The psychologists asked female students studying biology, chemistry, and engineering to take a very tough math test. All the students were greeted by a senior math major who wore a T-shirt displaying Einstein’s E=mc2 equation. For some volunteers, the math major was male. For others, the math major was female. This tiny tweak made a difference: Women attempted more questions on the tough math test when they were greeted by a female math major rather than a male math major. On psychological tests that measured their unconscious attitudes toward math, the female students showed a stronger self-identification with math when the math major who had greeted them was female. When they were greeted by the male math major, women had significantly higher negative attitudes toward math.
In a more ambitious experiment organized with the university’s math department, the psychologists evaluated how undergraduates performed when they had male or female math professors.

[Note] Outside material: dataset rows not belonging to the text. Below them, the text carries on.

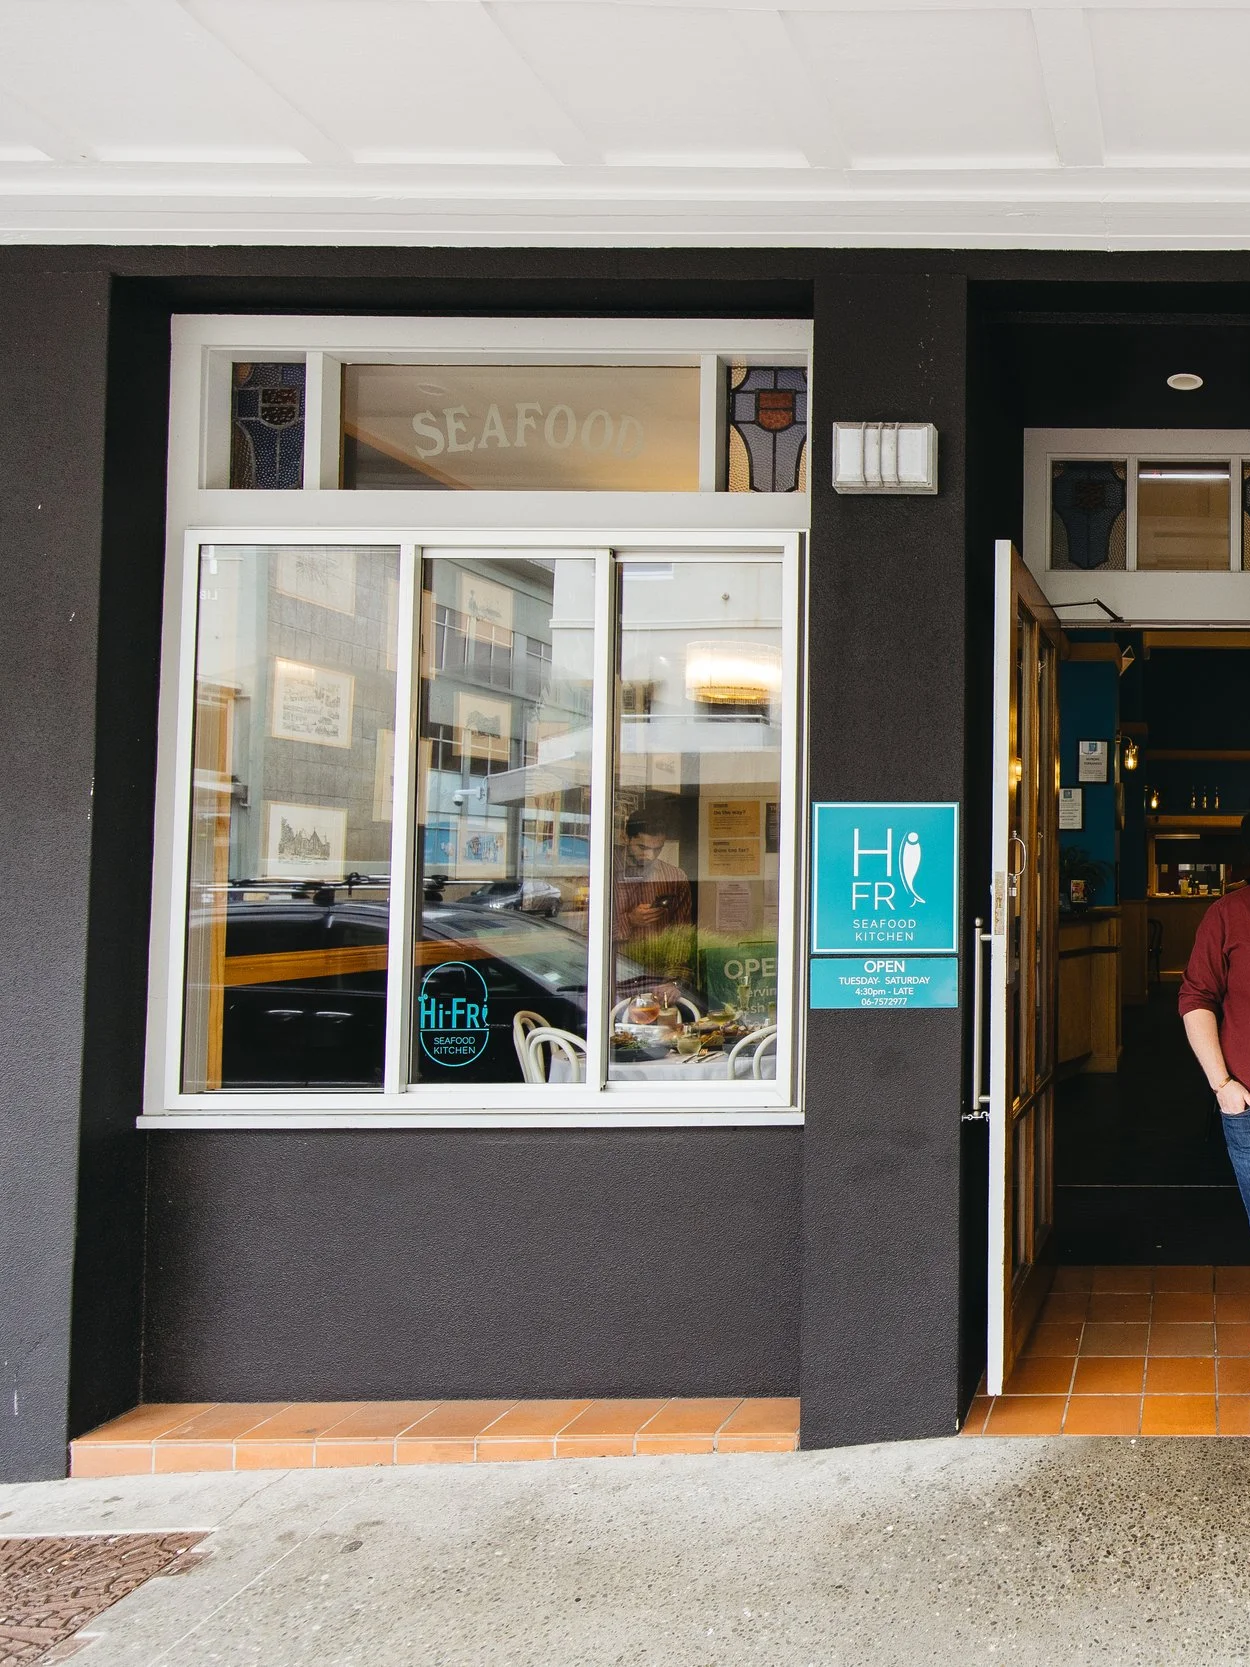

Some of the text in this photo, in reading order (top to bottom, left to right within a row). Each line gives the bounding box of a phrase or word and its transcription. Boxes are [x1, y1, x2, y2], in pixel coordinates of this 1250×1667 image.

[412, 401, 645, 460] SEAFOOD
[853, 919, 917, 929] SEAFOOD
[855, 932, 914, 941] KITCHEN
[864, 960, 905, 973] OPEN
[885, 976, 930, 985] SATURDAY
[855, 987, 886, 996] 4:30pm
[893, 987, 914, 995] LATE
[861, 998, 907, 1006] 06-7572977
[434, 1037, 475, 1045] SEAFOOD
[433, 1046, 476, 1055] KITCHEN
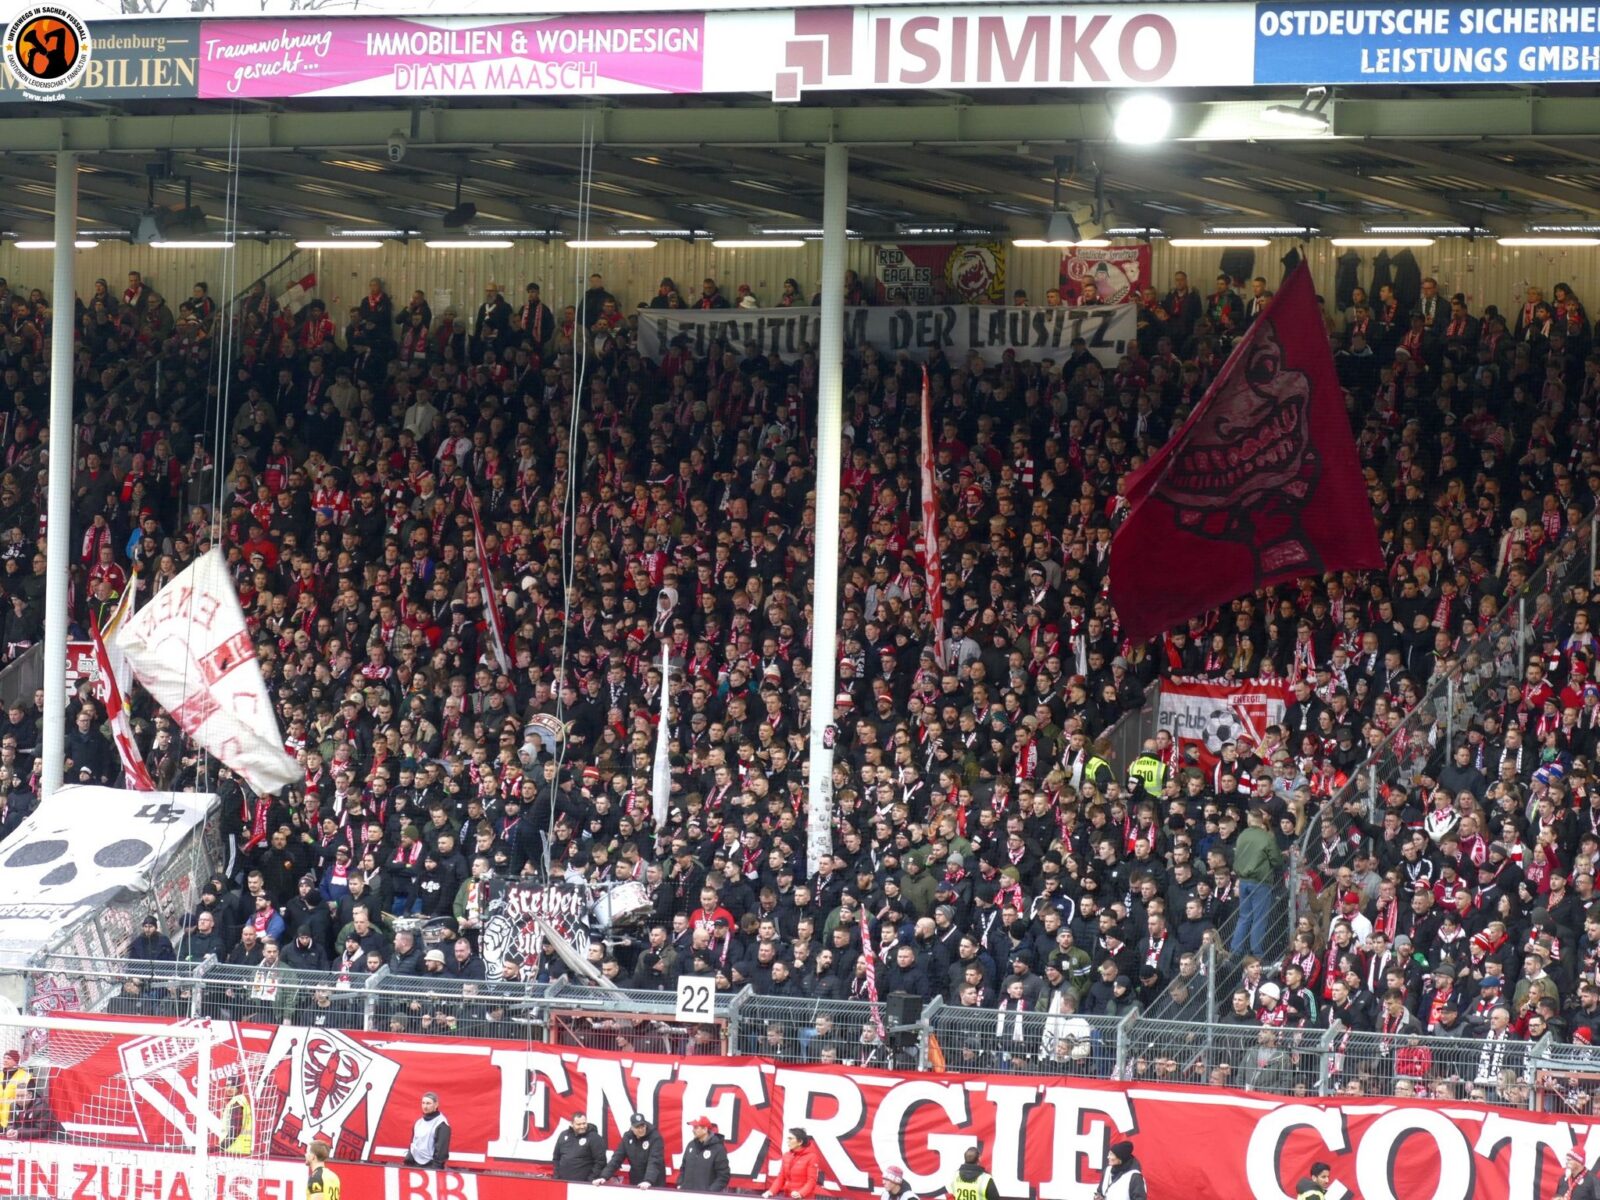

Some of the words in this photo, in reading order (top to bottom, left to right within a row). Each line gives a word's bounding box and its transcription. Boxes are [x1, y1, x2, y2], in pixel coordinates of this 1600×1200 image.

[1259, 8, 1449, 36] OSTDEUTSCHE
[1459, 6, 1600, 34] SICHERHE
[91, 34, 166, 52] andenburg
[205, 28, 332, 61] Traumwohnung
[366, 31, 503, 56] IMMOBILIEN
[511, 30, 528, 53] &
[536, 27, 699, 54] WOHNDESIGN
[874, 13, 1177, 84] ISIMKO
[1360, 47, 1508, 73] LEISTUNGS
[1518, 45, 1600, 72] GMBH
[394, 63, 476, 91] DIANA
[485, 61, 598, 90] MAASCH
[879, 250, 904, 264] RED
[883, 268, 931, 282] EAGLES
[888, 307, 957, 350] DER
[681, 985, 710, 1014] 22
[487, 1049, 1138, 1200] ENERGIE
[1246, 1103, 1600, 1200] COT
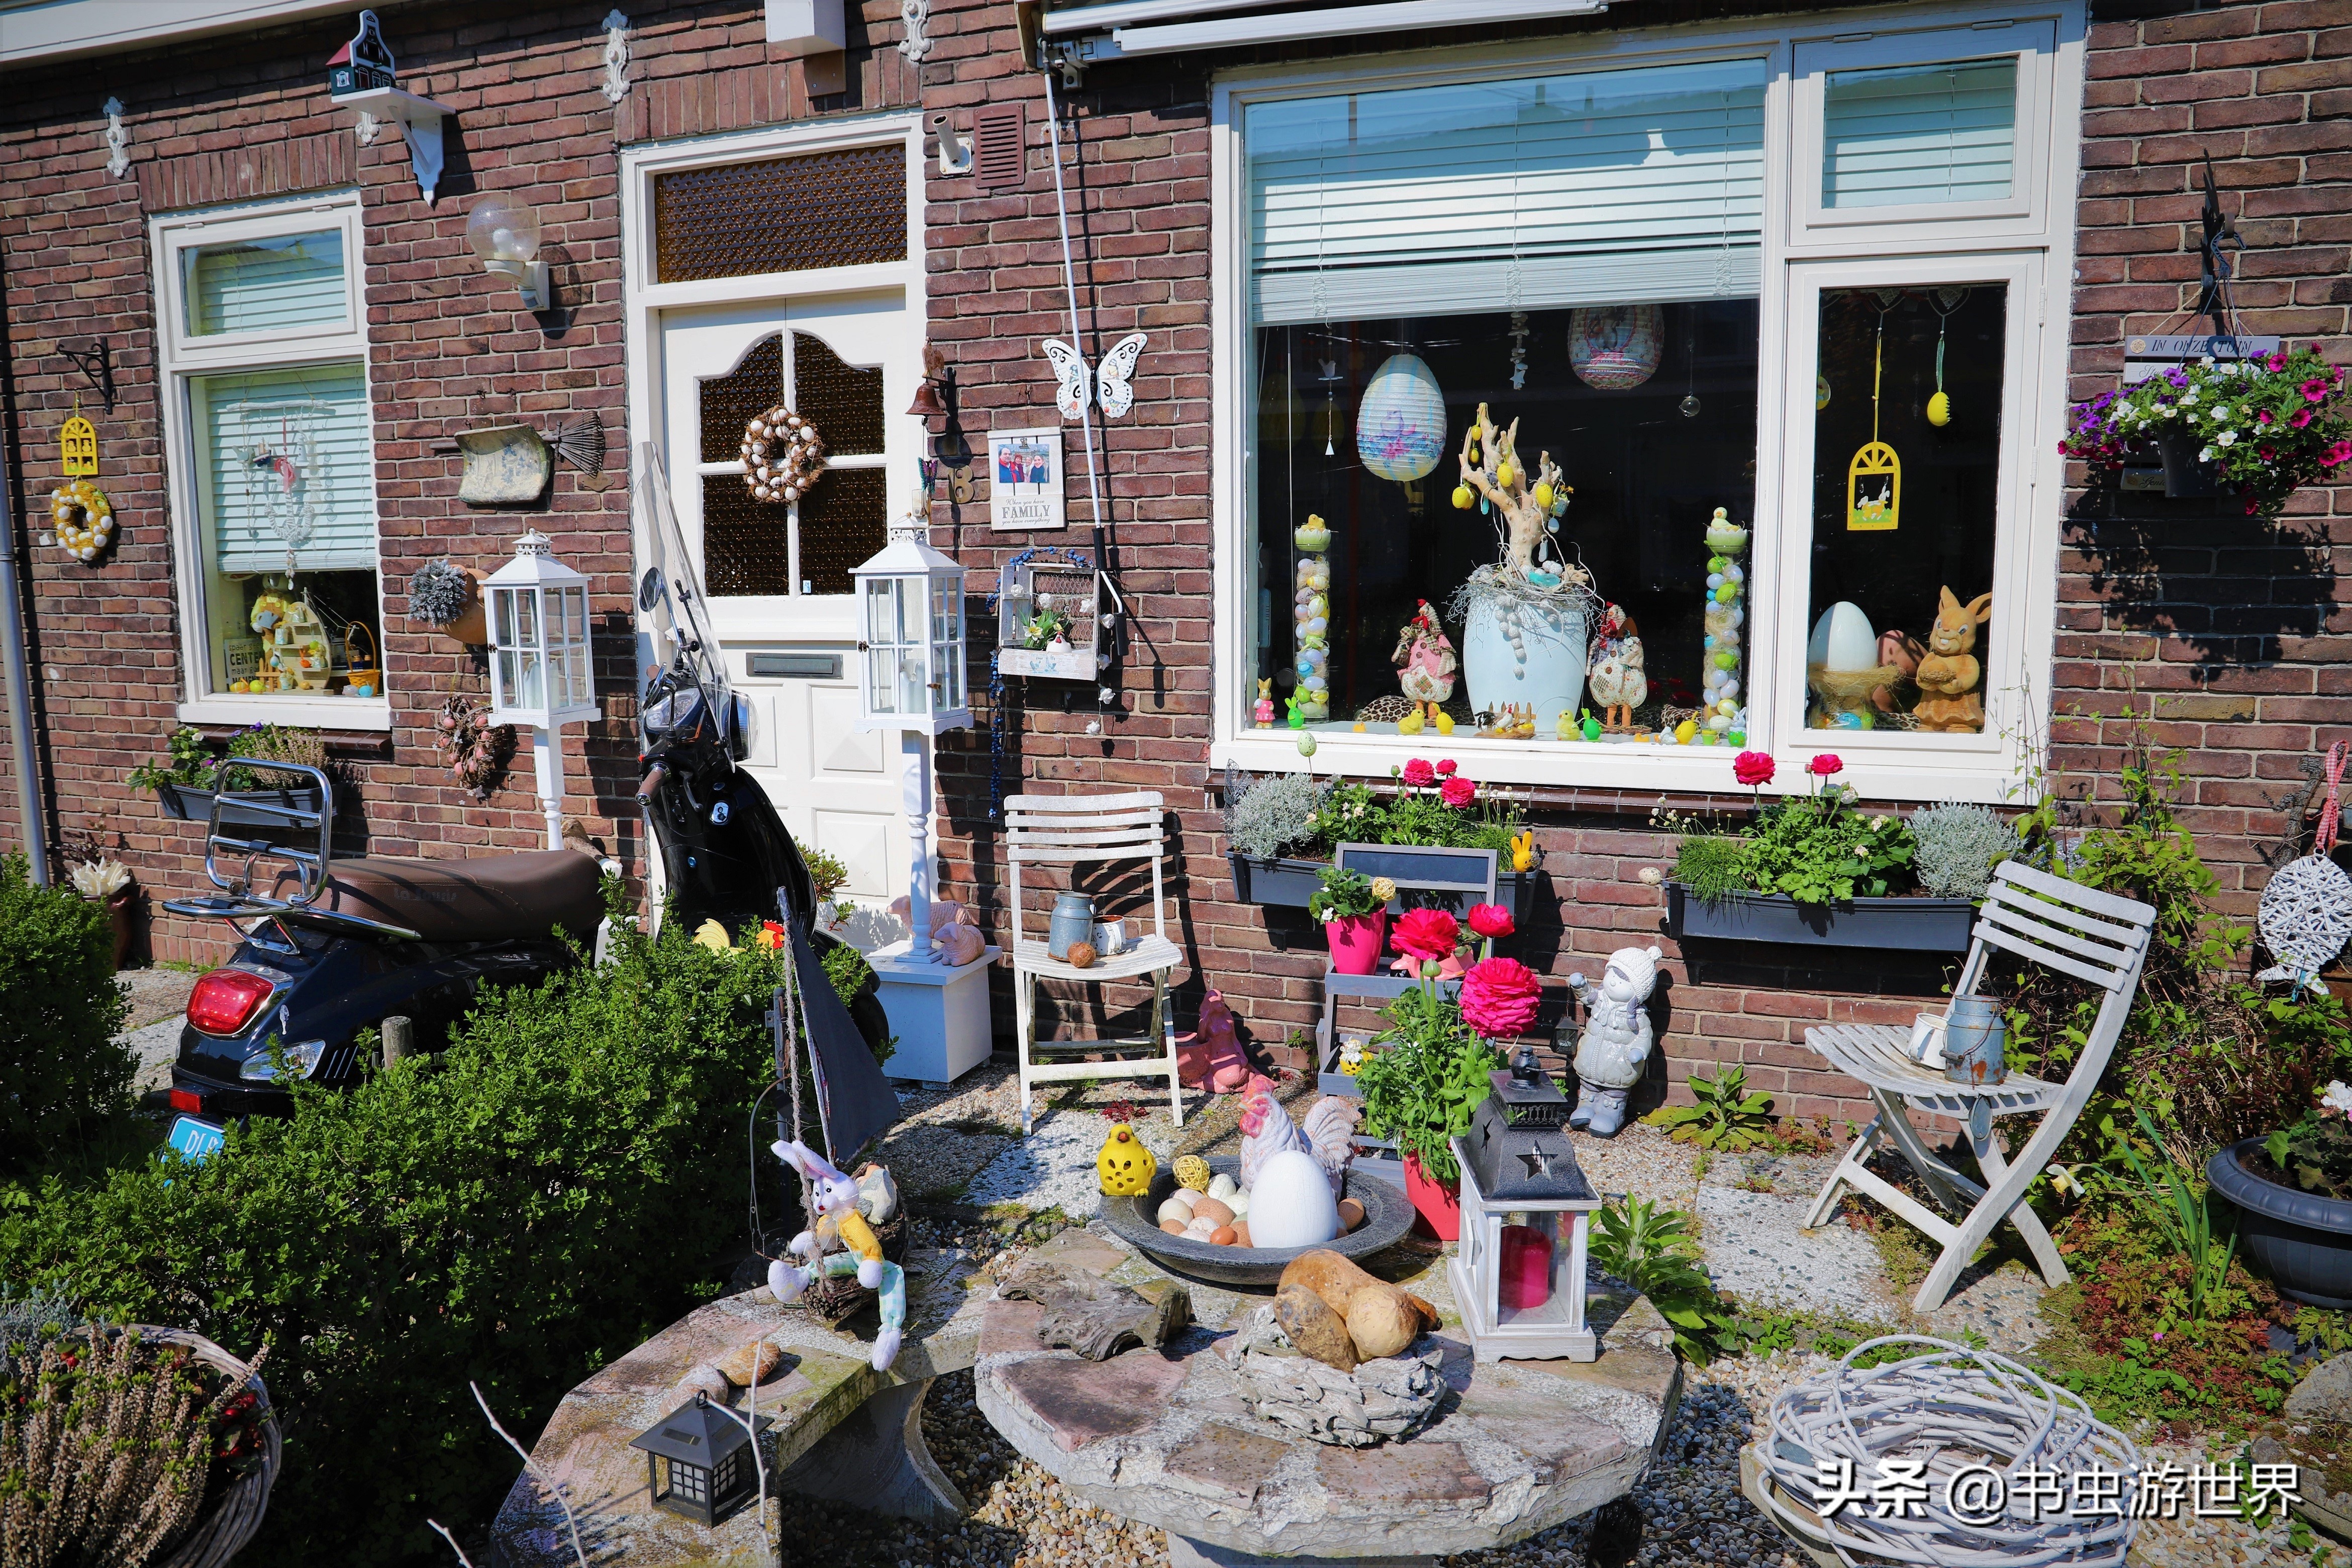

They measured, for instance, how often each student responded to questions posed by professors to the classroom as a whole. At the start of the semester, 11 percent of the female students attempted to answer questions posed to the entire class when the professor was male, and 7 percent of the female students attempted to answer questions posed to the entire class when the professor was female. By the end of the semester, the number of female students who attempted to answer questions posed by a male professor had not changed significantly: Only 7 percent of the women tried to answer such questions. But when classes were taught by a woman, the percentage of female students who attempted to answer questions by the semester’s end rose to 46.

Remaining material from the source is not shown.